Największym przegranym (poza samym państwem) okazała się ABW. Obarczono ją uprawnieniami dochodzeniowo-śledczymi, które nie pozwalają jej przekształcić się w wewnętrzną służbę wywiadowczą, stąd jej fundamentalny problem z własną tożsamością. Dodatkowo przez ostatnich 15 lat przypisano jej tak wiele nowych zadań, że są one wręcz niewykonalne. Kluczowym problemem ABW jest sytuacja kadrowa. Masowa czystka z 2002 roku zapoczątkowała wyniszczający obyczaj pozbywania się kolejnych pokoleń funkcjonariuszy przy każdej zmianie szefa agencji. Poza służbą znalazła się już niemal cała generacja oficerów rozpoczynających pracę za czasów UOP. Błędna polityka kadrowa premiująca postawy oportunistyczne, zaniedbania w zakresie rekrutacji i szkoleń nowych roczników, wyjałowiła kadry z jednostek o zdolnościach przywódczych, wybitnych kwalifikacjach i najwyższych standardach etycznych.

Osiem kroków naprawczych

Z perspektywy czasu wdrożenie zrębów modelu brytyjskiego należy uznać za decyzję słuszną, jednak jego skuteczność jest uzależniona od profesjonalnych struktur koordynacyjnych na poziomie centrum kierowania państwa. A takich struktur do tej pory w Polsce nie zbudowano. W tej sytuacji jedynym racjonalnym rozwiązaniem wydaje się przeprowadzenie gruntownych zmian służących dokończeniu procesu reformowania zapoczątkowanego w 2002 roku.

Po pierwsze, trzeba zbudować stałe centrum zarządzania systemem, oparte na aparacie urzędniczo-eksperckim, stanowiącym zaplecze konstytucyjnego ministra ds. służb specjalnych. Należy wykorzystać przy tym doświadczenia takich krajów, jak USA, Wielka Brytania, Włochy czy Niemcy.

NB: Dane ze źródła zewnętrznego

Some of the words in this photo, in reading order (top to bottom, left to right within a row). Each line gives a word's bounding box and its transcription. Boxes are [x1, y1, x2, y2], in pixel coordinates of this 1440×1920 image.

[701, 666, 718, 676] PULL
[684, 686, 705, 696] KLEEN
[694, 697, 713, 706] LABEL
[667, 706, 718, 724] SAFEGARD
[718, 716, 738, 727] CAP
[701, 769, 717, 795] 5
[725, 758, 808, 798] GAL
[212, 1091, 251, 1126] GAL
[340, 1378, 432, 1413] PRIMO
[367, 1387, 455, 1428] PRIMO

Po drugie, należy uczynić z ABW krajową służbę wywiadowczą odpowiedzialną za monitorowanie wewnętrznych zagrożeń bezpieczeństwa państwa (szpiegostwo, terroryzm, nielegalny obrót bronią, ekstremizmy, ujawnianie tajemnic państwowych, zagrożenia dla bezpieczeństwa ekonomicznego). W tym celu konieczne jest pozbawienie Agencji funkcji i uprawnień śledczych. Taka „nowa" ABW powinna zostać znacząco wzmocniona kadrowo i finansowo.

Po trzecie, konieczne jest wyłączenie z zakresu działań Agencji Wywiadu tzw. zadań pozawywiadowczych, wykonywanych zwyczajowo od czasów PRL. Chodzi o bezpieczeństwo placówek dyplomatycznych oraz niejawną łączność między nimi. Na całym świecie zadania te należą do Ministerstwa Spraw Zagranicznych. Niezbędnym warunkiem profesjonalizacji i modernizacji AW jest jej wzmocnienie kadrowe (o co najmniej 100 proc.) oraz finansowe (wydajemy na wywiad o wiele mniej niż kraje o podobnej wielkości).

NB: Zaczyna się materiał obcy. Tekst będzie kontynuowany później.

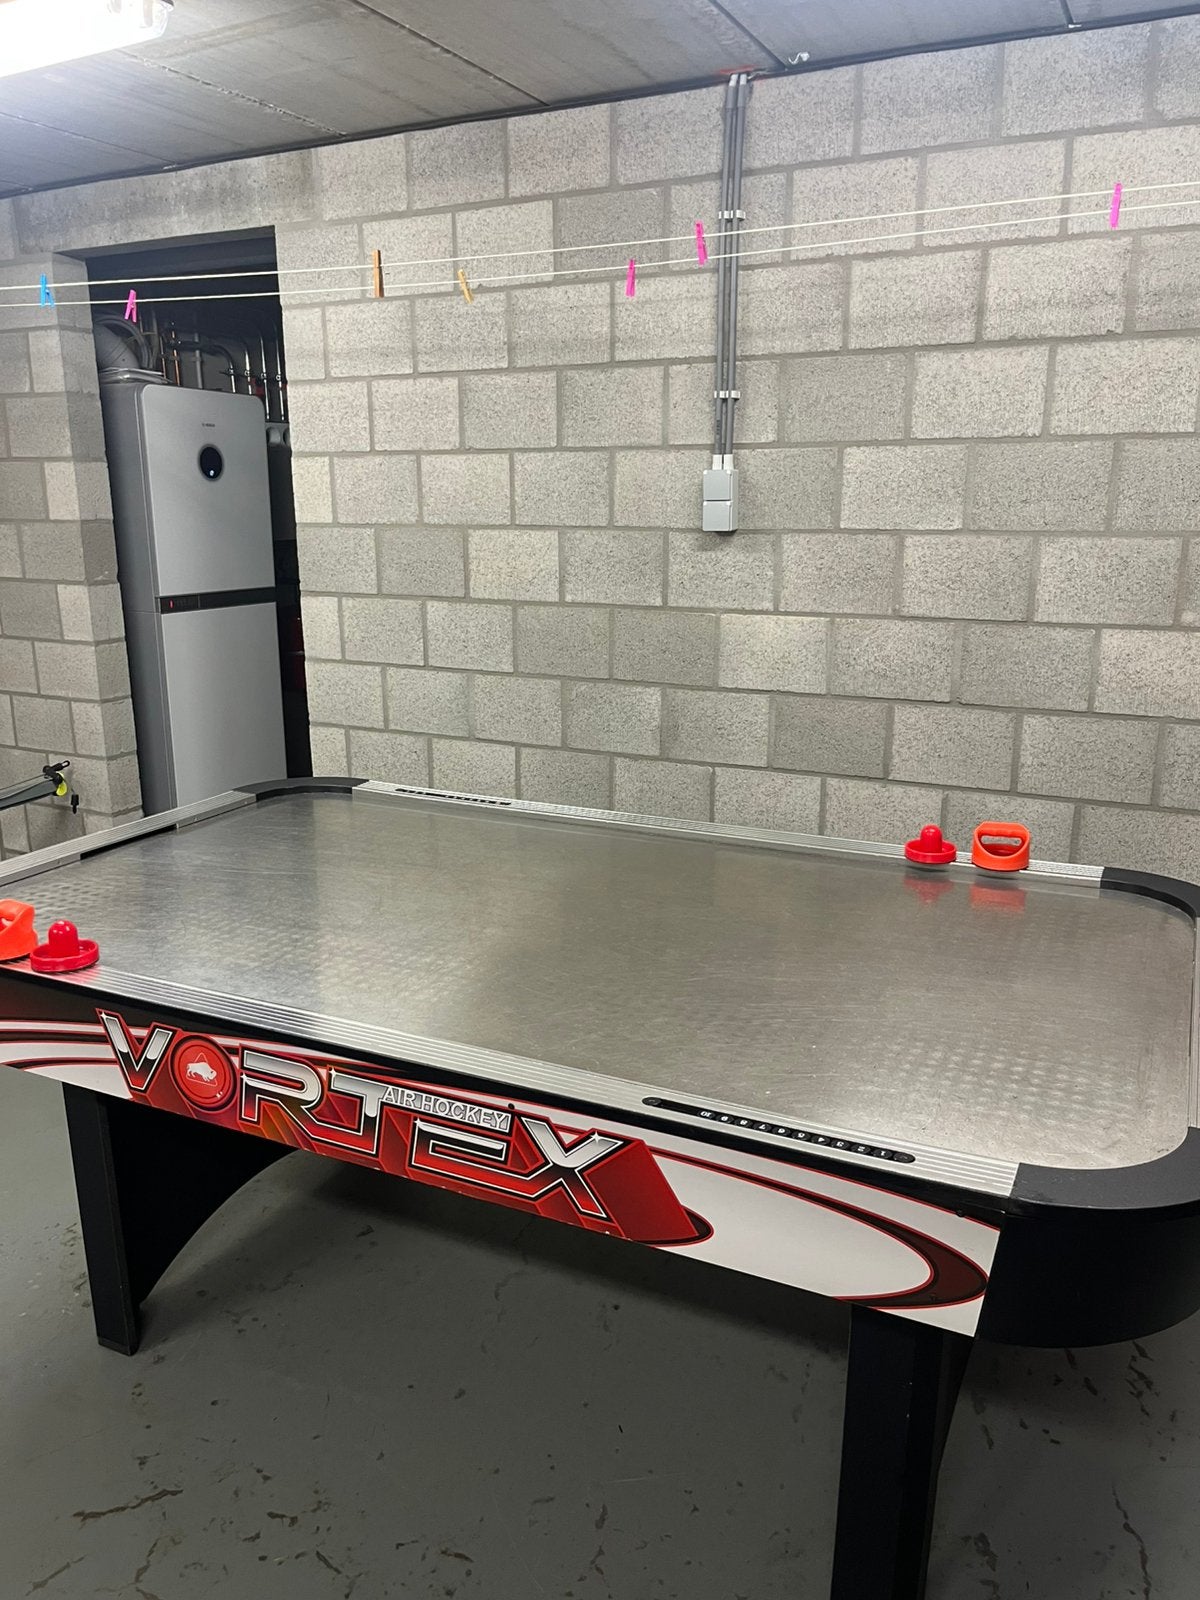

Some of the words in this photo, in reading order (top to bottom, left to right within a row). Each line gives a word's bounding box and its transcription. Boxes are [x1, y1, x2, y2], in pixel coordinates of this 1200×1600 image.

[101, 1011, 626, 1220] VORTEX
[382, 1085, 418, 1110] AIR
[420, 1091, 511, 1132] HOCKEY
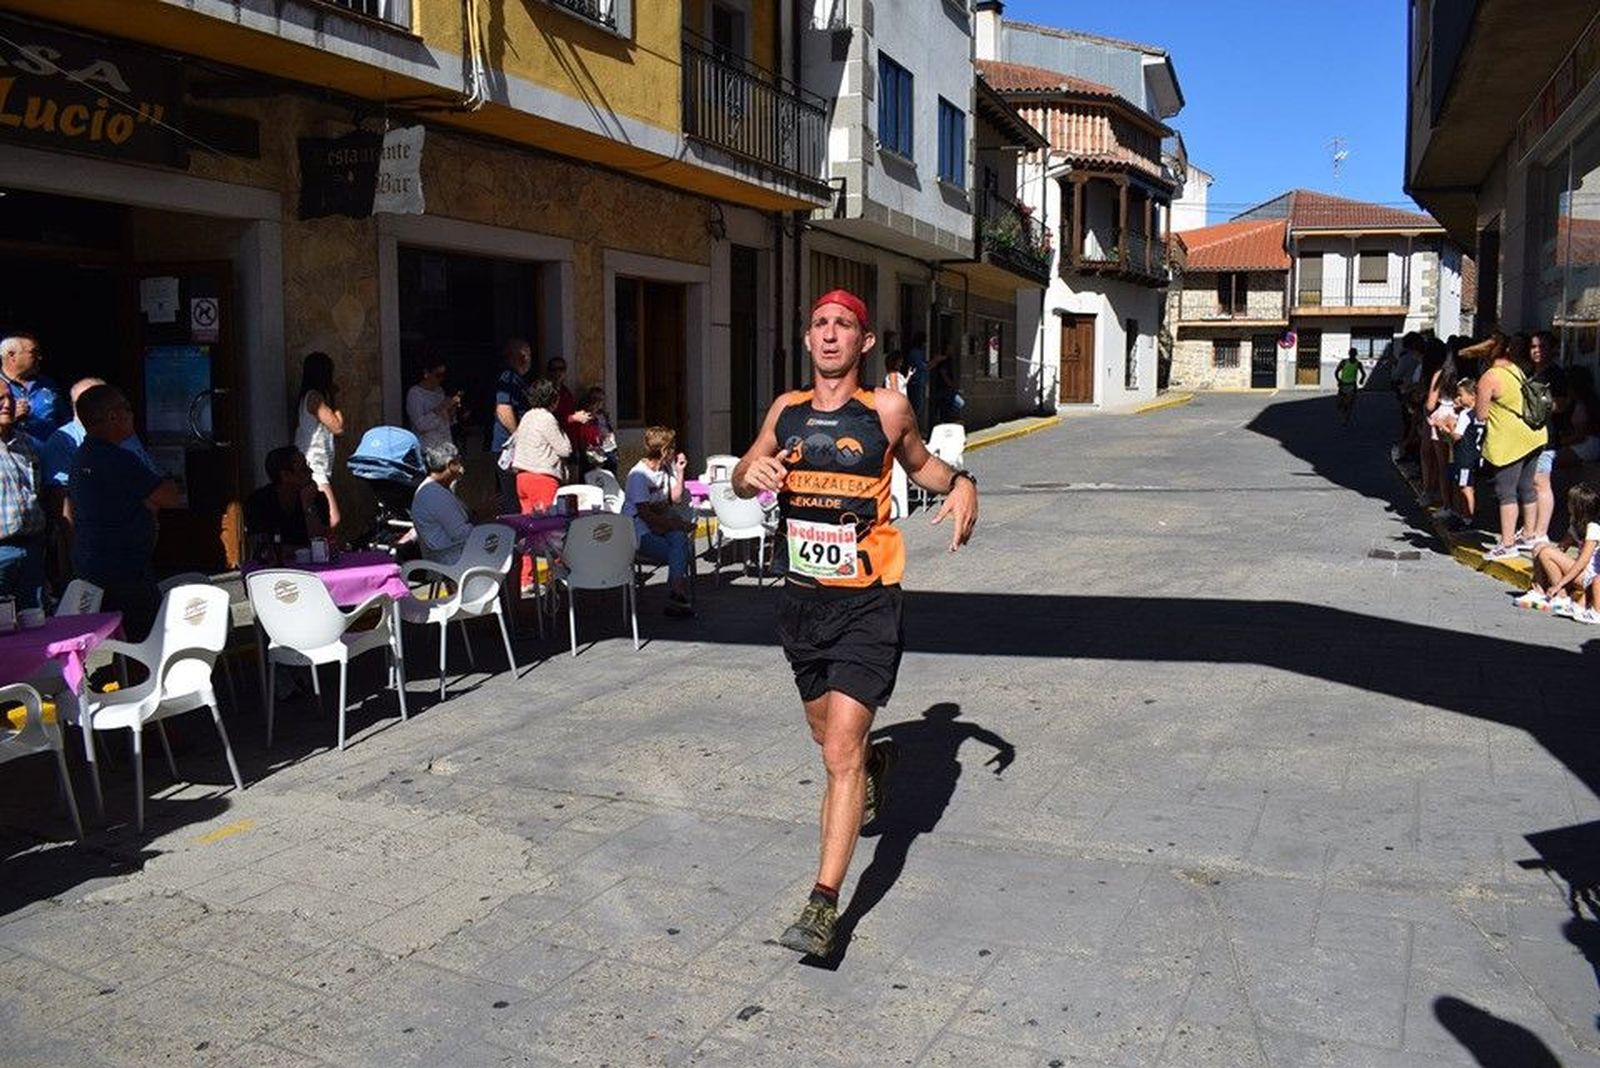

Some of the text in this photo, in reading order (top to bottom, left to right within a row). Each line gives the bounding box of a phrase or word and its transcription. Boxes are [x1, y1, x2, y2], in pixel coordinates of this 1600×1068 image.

[0, 44, 132, 93] SA
[327, 143, 411, 166] estaurante
[377, 172, 411, 194] Bar
[799, 541, 841, 565] 490

Po czwarte, należy powołać krajową służbę śledczą (na wzór istniejącej od 2013 roku brytyjskiej National Crime Agency), która prowadziłaby śledztwa dot. najpoważniejszych przestępstw kryminalnych oraz przeciwko bezpieczeństwu państwa. Mogłaby ona powstać z połączenia CBA, CBŚP oraz części śledczej ABW. Obecny stan, w którym zwalczanie tego rodzaju przestępstw jest rozbite między różne służby, jest marnowaniem sił i środków ograniczającym skuteczność działań.

Po piąte, konieczne jest powołanie samodzielnej instytucji, mającej status centralnego organu administracji państwowej, odpowiedzialnej za wykonywanie polityki państwa w zakresie zarządzania informacjami niejawnymi oraz wydawanie poświadczeń bezpieczeństwa uprawniających do dostępu do tajemnic państwowych.

Po szóste, należy wyłączyć Centrum Antyterrorystyczne ze struktur ABW, nadać mu status samodzielnej jednostki organizacyjnej podległej ministrowi ds. służb lub MSW, a następnie wzmocnić go kadrowo i finansowo.

Po siódme, istnienie tak wielu służb wymaga powstania wielopoziomowego systemu ich kontroli. Instytucje takie jak NIK, sądy czy komisja ds. służb specjalnych realnie jej nie zapewniają. Jest to bardzo ważne ze względu na charakter działań służb, które mogą godzić w prawa i swobody obywatelskie.

Po ósme, należy zbudować samodzielną służbę odpowiedzialną za cyberbezpieczeństwo, cyberwywiad oraz wywiad radioelektroniczny, tzw. SIGINT (na wzór amerykańskiej NSA czy brytyjskiej GCHQ). Obowiązujący model, w którym zadania realizują – według własnego uznania – istniejące agencje, jest absolutnie nieefektywny i pozbawiony racji bytu. W ten sposób mamy do czynienia z marnowaniem ograniczonych zasobów ludzkich i finansowych.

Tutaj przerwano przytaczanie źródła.